May 09, 2022 1 Min Read
A girl is looking back at her past while waving and smiling.
Source:Image by @diana.grytsku on Freepik
Sometimes Looking Back is Not Bad

In high school, one of my favourite subjects was history. So much so that I thought about becoming a history teacher.

Not surprising then that one of my favourite quotes is from the Danish Philosopher Søren Kierkegaard

“Life can only be understood backwards, but it must be lived forwards.”

And yet, we can be overly future-focused. We imagine the future. Spend time planning what comes next, rather than enjoying the present. We can focus our attention on recent ideas and writing while ignoring concepts from the past, deeming them irrelevant and old fashioned.

But if you are a watcher of fashion cycles (be it clothing, music or other trends), you’ll know that everything old eventually comes back. Old concepts are recycled and presented as new or ‘rediscovered’. Old ideas are tweaked and reshaped somehow, yet the core of the concept is untouched.
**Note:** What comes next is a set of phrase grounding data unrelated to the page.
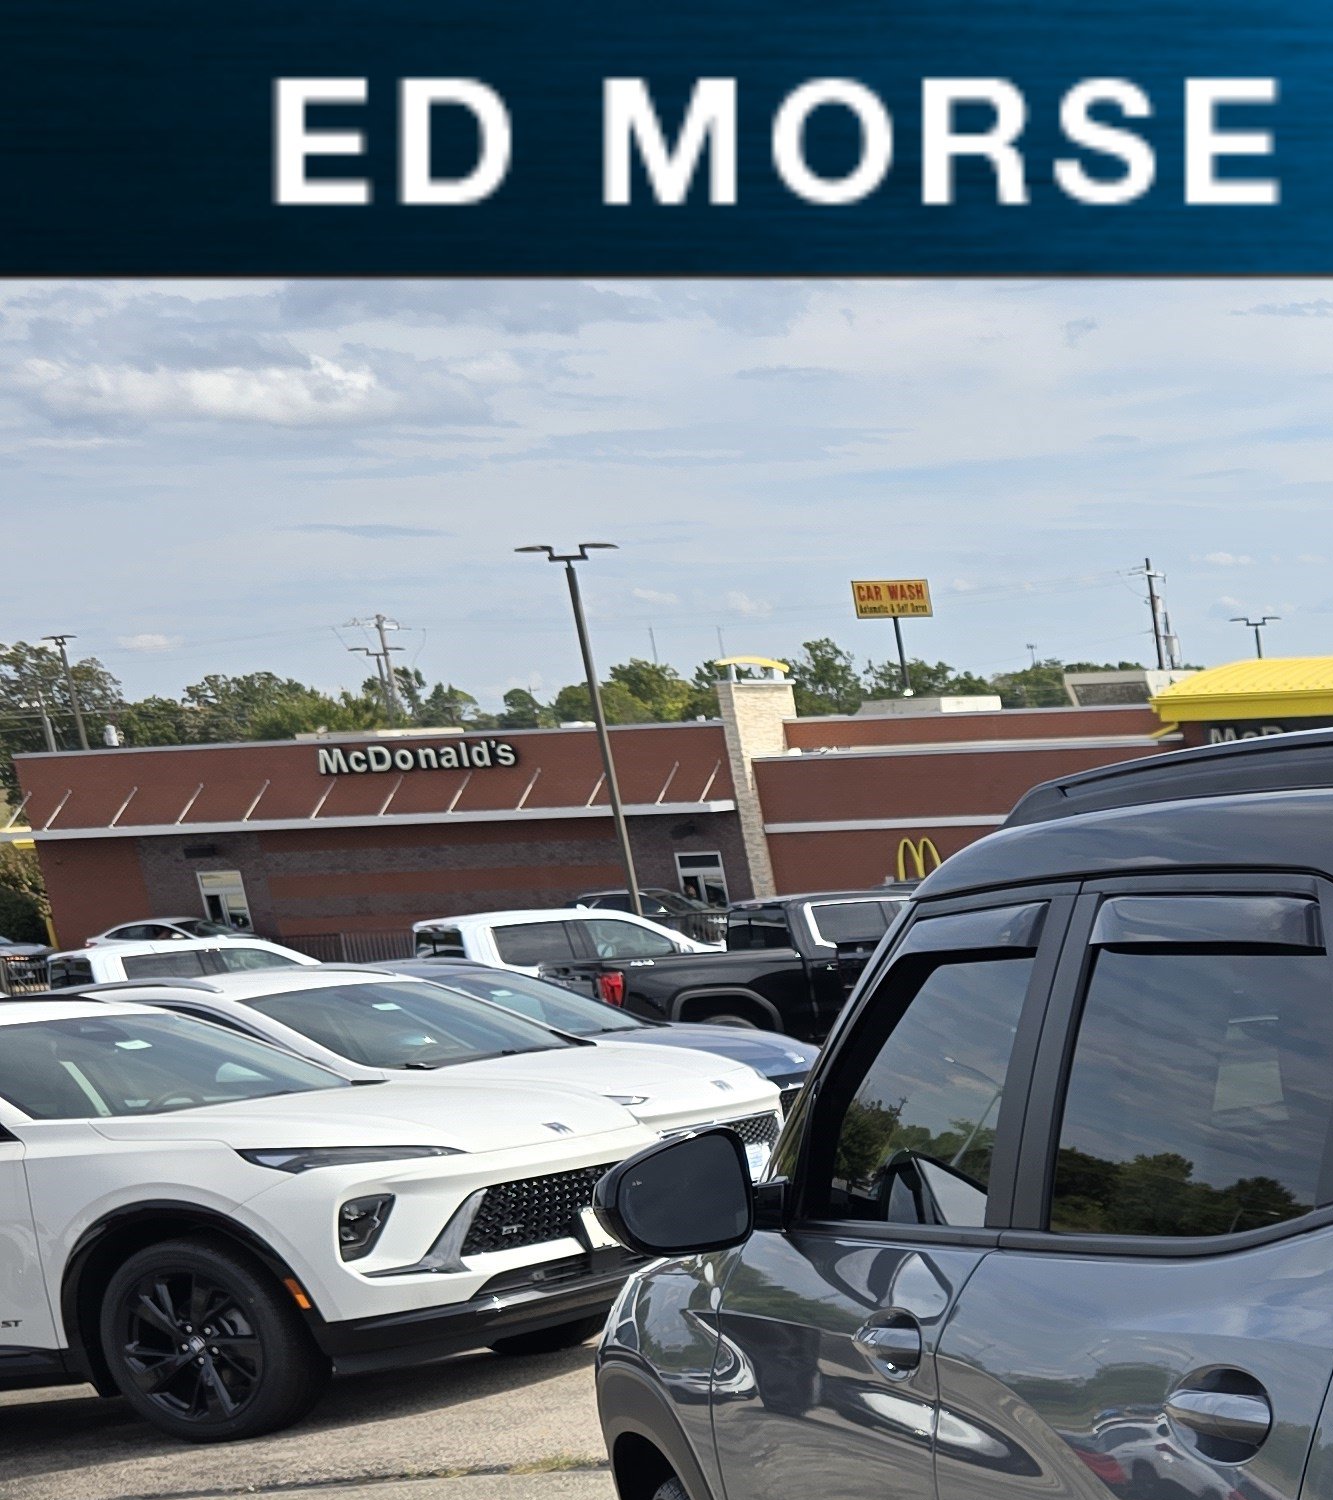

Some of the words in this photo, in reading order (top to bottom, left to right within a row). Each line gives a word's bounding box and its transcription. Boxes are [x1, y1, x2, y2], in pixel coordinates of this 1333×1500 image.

[856, 585, 882, 602] CAR
[887, 582, 924, 601] WASH
[318, 740, 516, 775] McDonald's
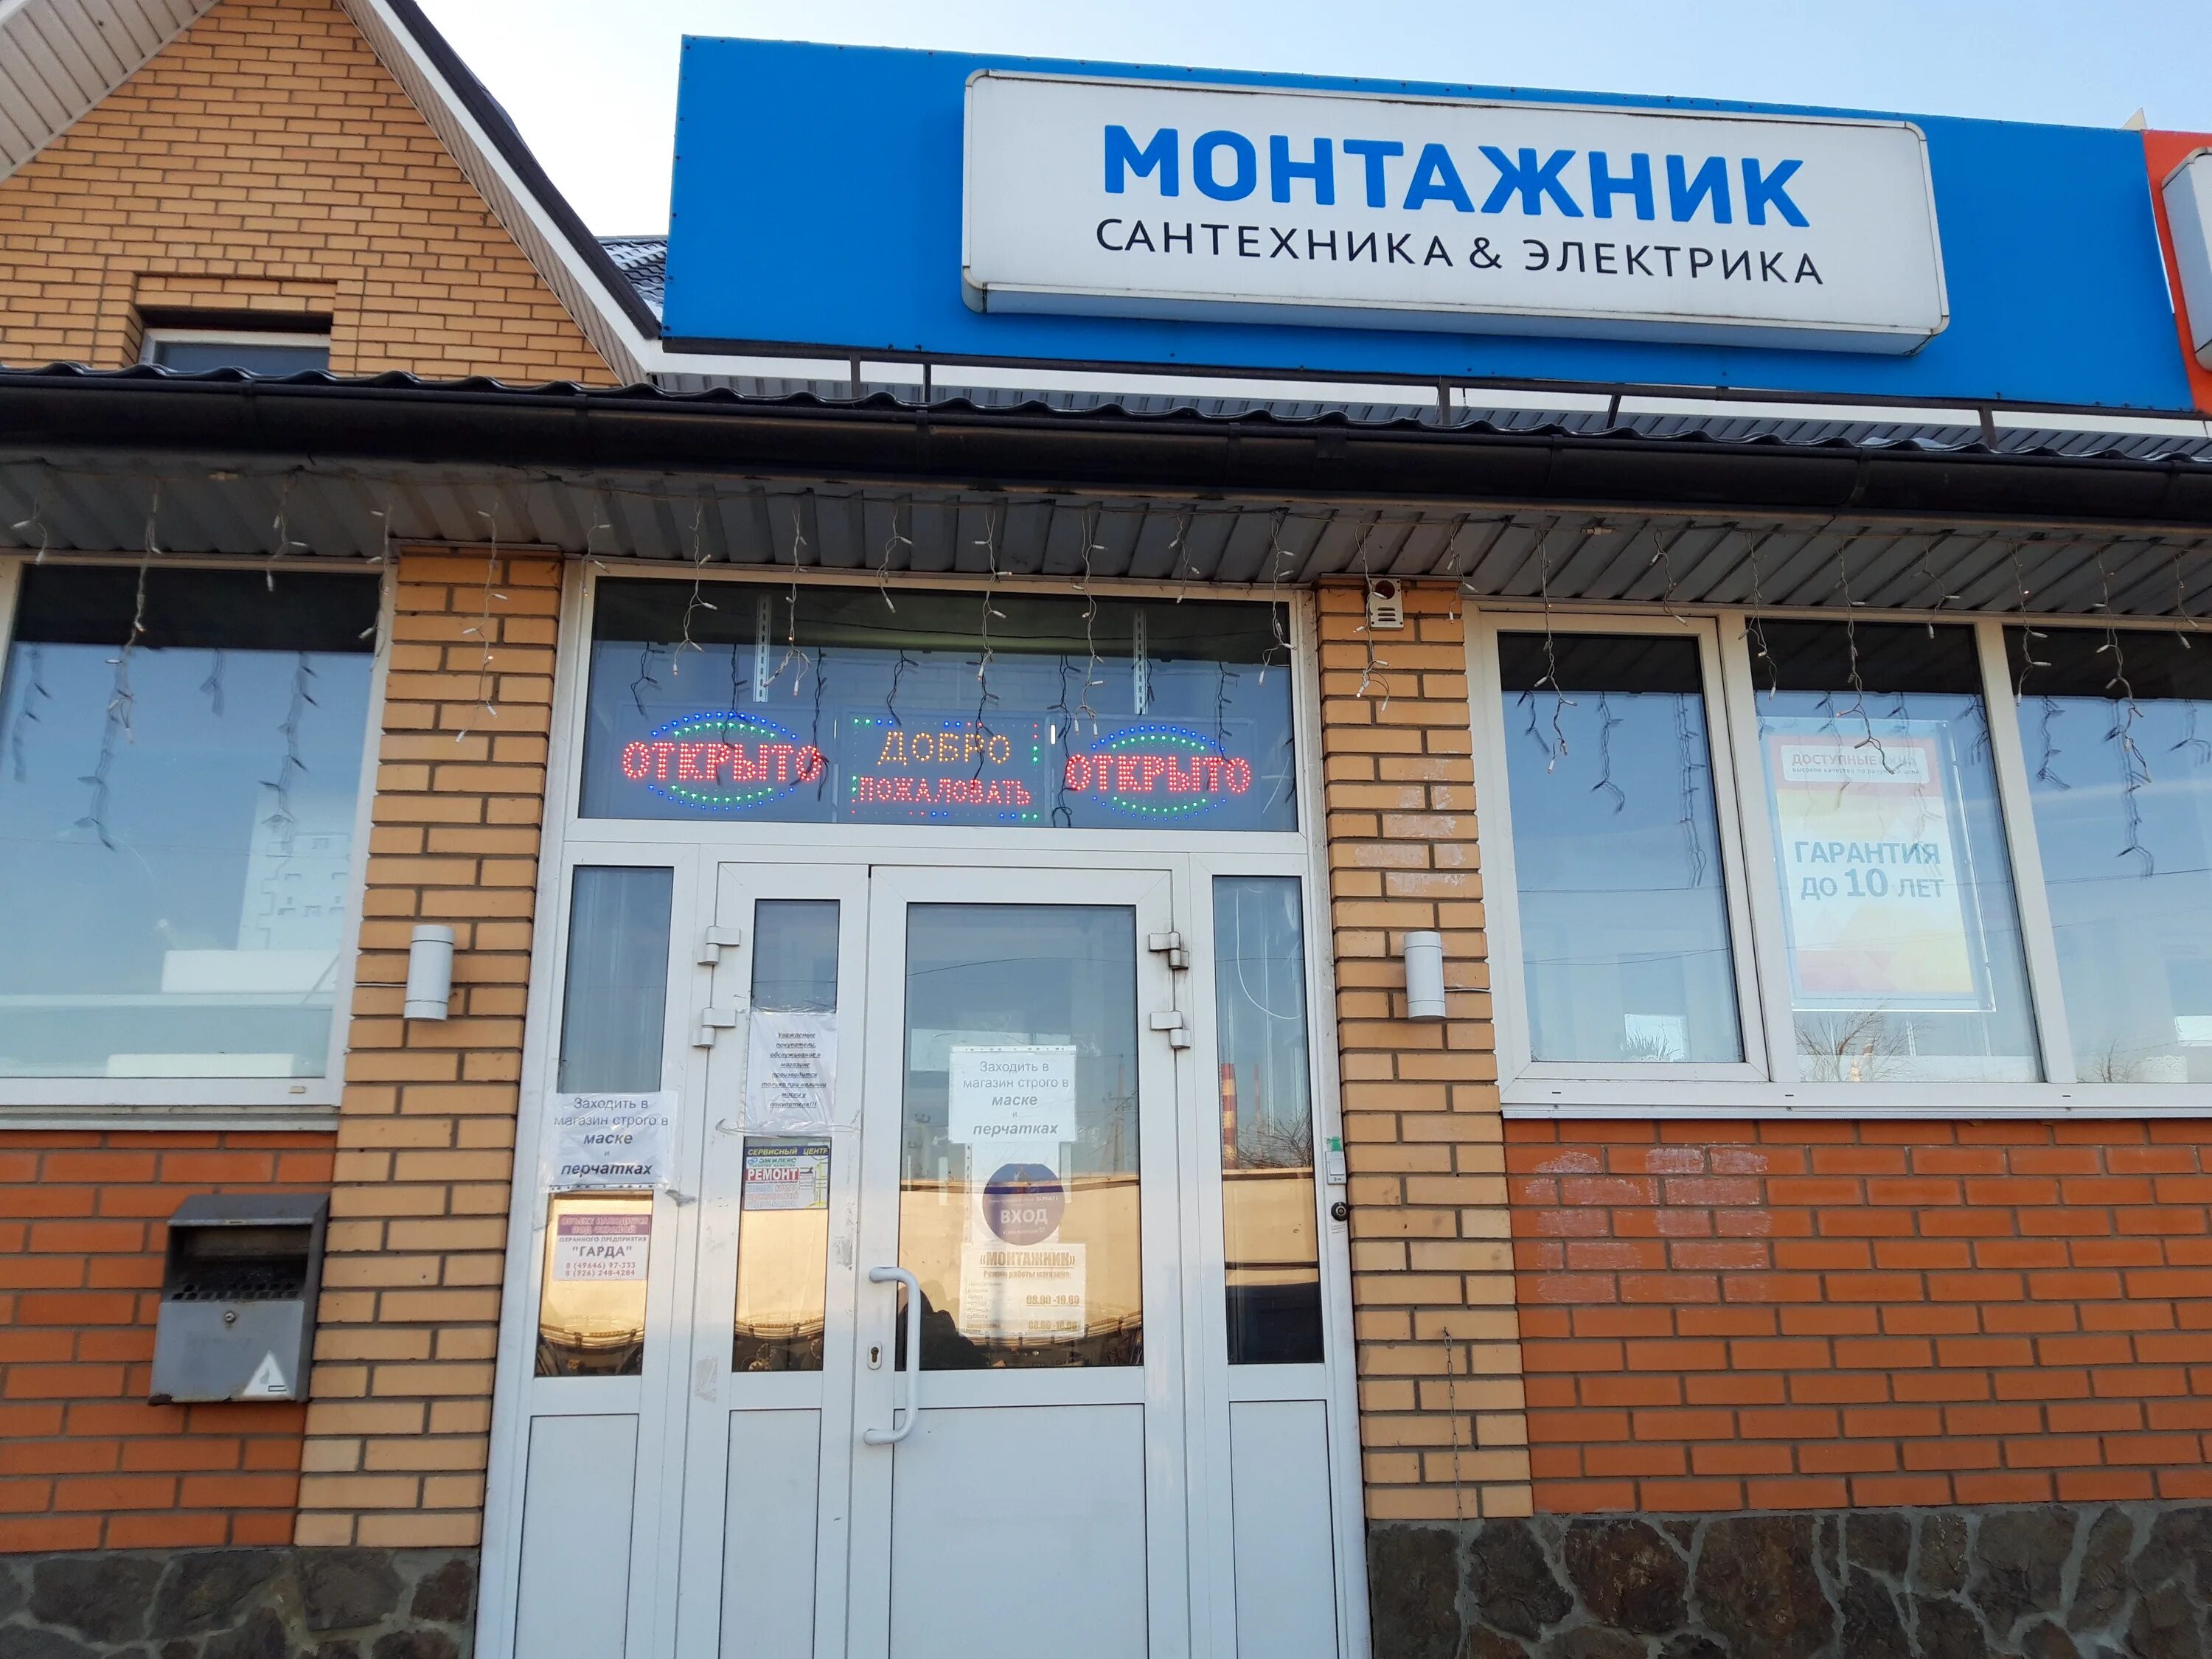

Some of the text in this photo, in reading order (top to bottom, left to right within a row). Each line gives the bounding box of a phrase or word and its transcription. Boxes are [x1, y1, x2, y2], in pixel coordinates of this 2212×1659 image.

[1105, 124, 1810, 228] МОНТАЖНИК
[1096, 218, 1823, 285] САНТЕХНИКА & ЭЛЕКТРИКА
[876, 730, 1011, 766] ДОБРО
[622, 740, 823, 782] ОТКРЫТО
[1792, 754, 1877, 766] ДОСТУПНЫЕ
[1065, 753, 1252, 793] ОТКРЫТО
[858, 776, 1031, 806] ПОЖАЛОВАТЬ
[1795, 841, 1941, 865] ГАРАНТИЯ
[1801, 868, 1945, 901] ДО 10 ЛЕТ
[979, 1060, 1050, 1074] Заходить в
[963, 1079, 1070, 1090] магазин строго в
[573, 1097, 649, 1111] Заходить в
[991, 1096, 1039, 1107] маске
[554, 1116, 669, 1127] магазин строго в
[973, 1124, 1060, 1138] перчатках
[582, 1133, 633, 1145] маске
[748, 1147, 798, 1155] СЕРВИСНЫЙ
[560, 1164, 653, 1178] перчатках
[747, 1168, 798, 1180] РЕМОНТ
[1000, 1208, 1048, 1225] ВХОД
[572, 1245, 633, 1258] "ГАРДА"
[980, 1251, 1076, 1266] «МОНТАЖНИК»
[1009, 1270, 1035, 1279] работы
I was reminded of this as I returned to read some of Charles Handy’s work. A prolific writer, his latest book was only released two years ago, while at the age of 87.

The Elephant and the Flea was published in 2010 and The Empty Raincoat: Making Sense of the Future was published in 2011.

In the Elephant and the Flea, Handy predicted that the age of giant corporations was over (not something that has happened yet). He believed that the age of the entrepreneur was here (and yes, there’s much truth in that part). He encouraged us to change the way we think about our portfolio (and by that, he means our portfolio of work and how we approach our career). In his book, the elephants were the giants, and the fleas were small or independent operators. Handy saw the fleas as the innovators, the source of new ideas. The elephants needed them for these things, and so a symbiotic relationship existed.

The Empty Raincoat challenged you to think about your career and organisation. Here’s a handy summary.
What’s fascinating is how many of the concepts he shared are still being talked about as ‘new’ ideas today. It’s a great reminder that change happens, but often much more slowly than we imagine. So too, a reminder to always check and reflect on what’s come before.

You May Like This: How Important Is Past Experience in Predicting Job Performance?

There is much we can learn from the past. In looking to the past, you gain insights into yourself and better understand who we are as a species. You can examine good (and not so good) decision making and understand the context and outcomes of the decisions. You can uncover the root of concepts and ideas that were once on the fringe and are now mainstream.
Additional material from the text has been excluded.